Records from a dataset
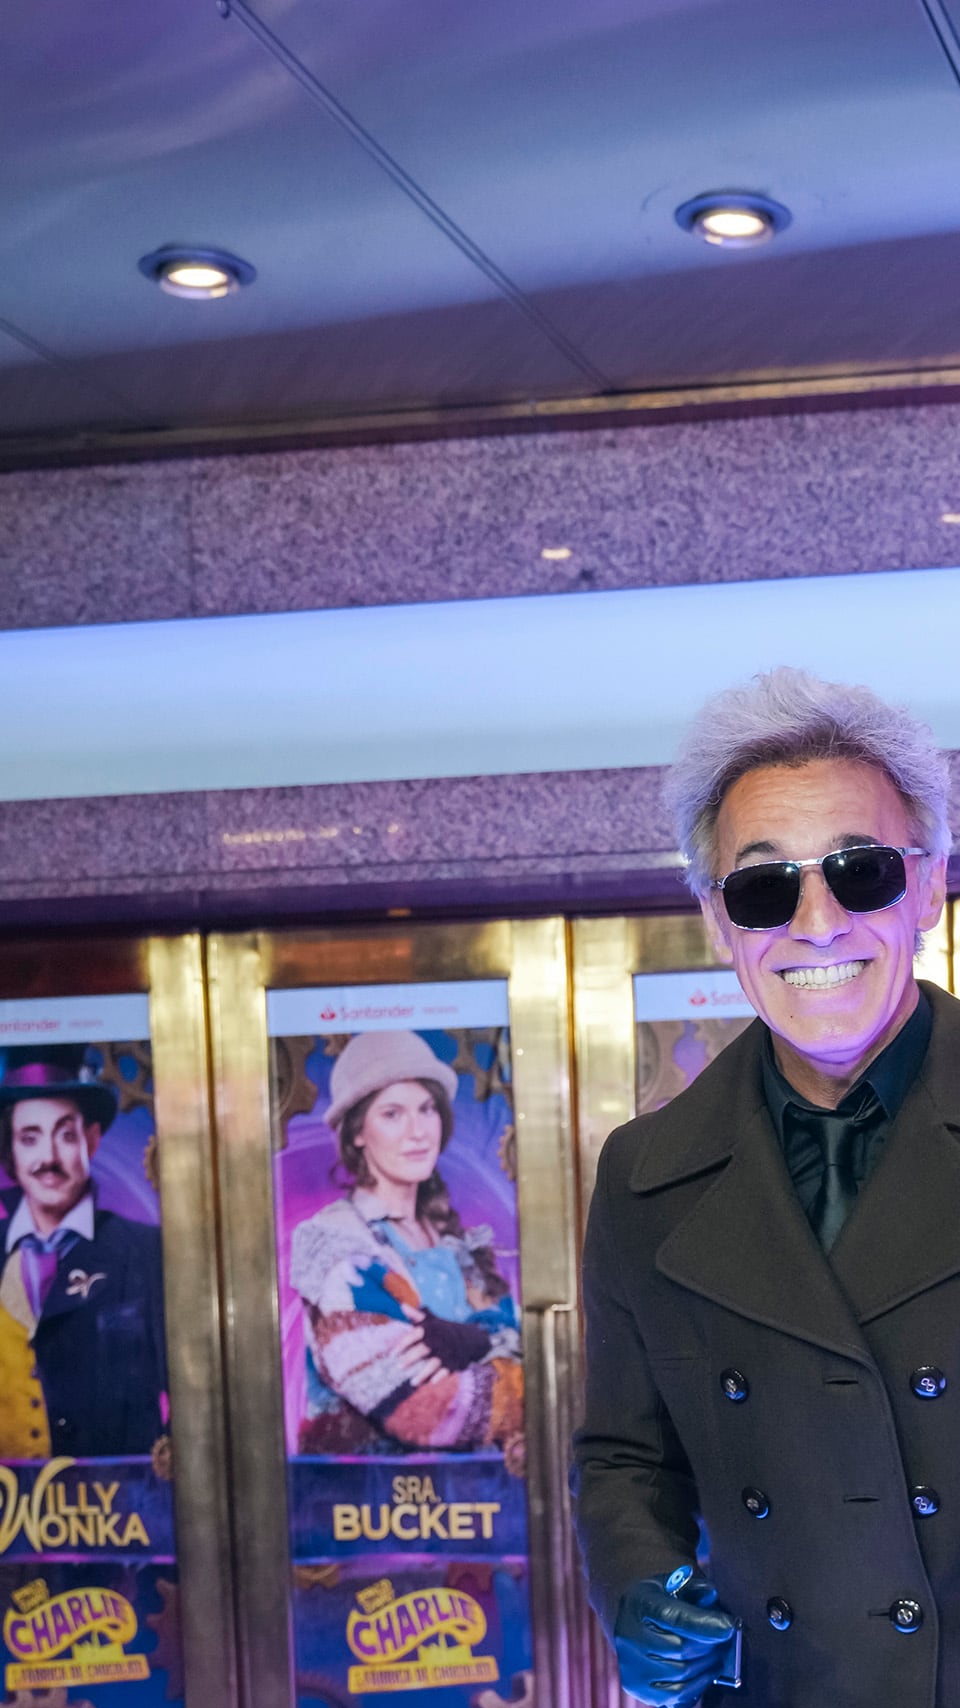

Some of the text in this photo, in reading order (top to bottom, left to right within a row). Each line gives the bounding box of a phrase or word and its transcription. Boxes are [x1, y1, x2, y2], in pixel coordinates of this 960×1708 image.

[392, 1475, 441, 1504] SRA.
[333, 1503, 501, 1541] BUCKET
[10, 1594, 128, 1653] CHARLIE
[353, 1594, 478, 1656] CHARLIE
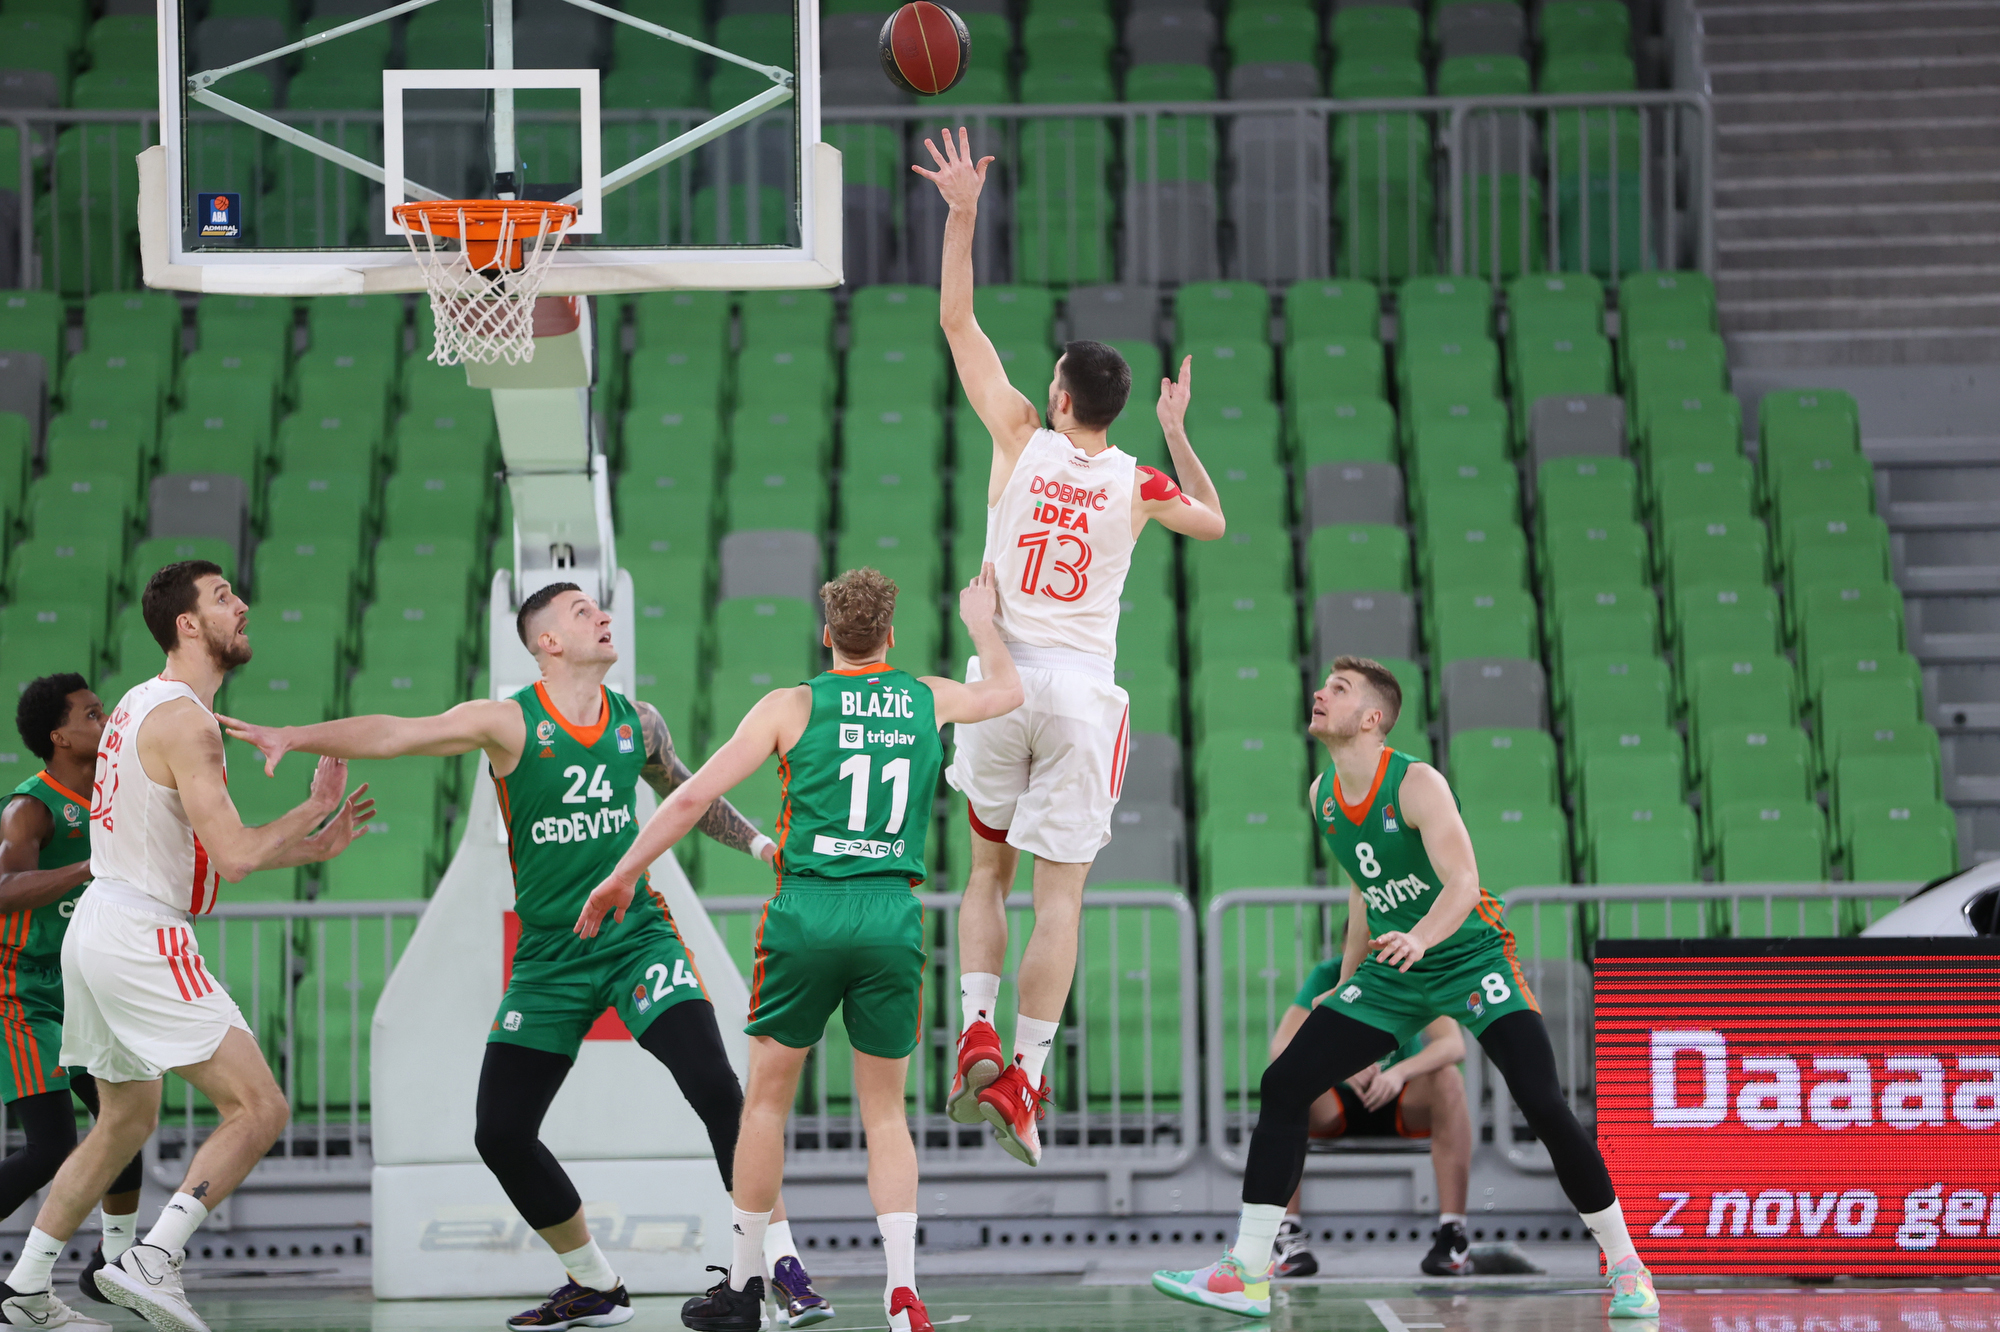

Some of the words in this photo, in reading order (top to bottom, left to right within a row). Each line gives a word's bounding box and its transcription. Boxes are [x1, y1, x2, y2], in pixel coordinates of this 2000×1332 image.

[212, 211, 227, 222] ABA
[1030, 475, 1108, 511] DOBRIĆ
[1017, 530, 1092, 602] 13
[841, 686, 914, 719] BLAŽIČ
[620, 739, 632, 751] ABA
[866, 729, 916, 747] triglav
[562, 764, 613, 804] 24
[839, 754, 911, 834] 11
[531, 804, 631, 845] CEDEVITA
[1385, 818, 1398, 830] ABA
[833, 841, 889, 855] SPAR
[1355, 842, 1381, 878] 8
[645, 959, 698, 1002] 24
[1481, 972, 1511, 1004] 8
[1706, 1189, 1879, 1238] novo
[1895, 1181, 2000, 1251] ge

## YOUR ASSIGNMENT:
Exact repetition of each line above is expected; images are to be omitted.

## REPLY:
Some of the text in this photo, in reading order (top to bottom, left to right within a row). Each line gives the bounding box of a phrase or word and its transcription. Boxes are [x1, y1, x2, y2], in pixel coordinates of this 960×1708 image.

[392, 1475, 441, 1504] SRA.
[333, 1503, 501, 1541] BUCKET
[10, 1594, 128, 1653] CHARLIE
[353, 1594, 478, 1656] CHARLIE

Some of the words in this photo, in reading order (top to bottom, left to right within a row). Each line gives a word's bounding box and its transcription. Boxes are [x1, y1, x2, y2], in pixel coordinates of this 2000×1332 image.

[212, 211, 227, 222] ABA
[1030, 475, 1108, 511] DOBRIĆ
[1017, 530, 1092, 602] 13
[841, 686, 914, 719] BLAŽIČ
[620, 739, 632, 751] ABA
[866, 729, 916, 747] triglav
[562, 764, 613, 804] 24
[839, 754, 911, 834] 11
[531, 804, 631, 845] CEDEVITA
[1385, 818, 1398, 830] ABA
[833, 841, 889, 855] SPAR
[1355, 842, 1381, 878] 8
[645, 959, 698, 1002] 24
[1481, 972, 1511, 1004] 8
[1706, 1189, 1879, 1238] novo
[1895, 1181, 2000, 1251] ge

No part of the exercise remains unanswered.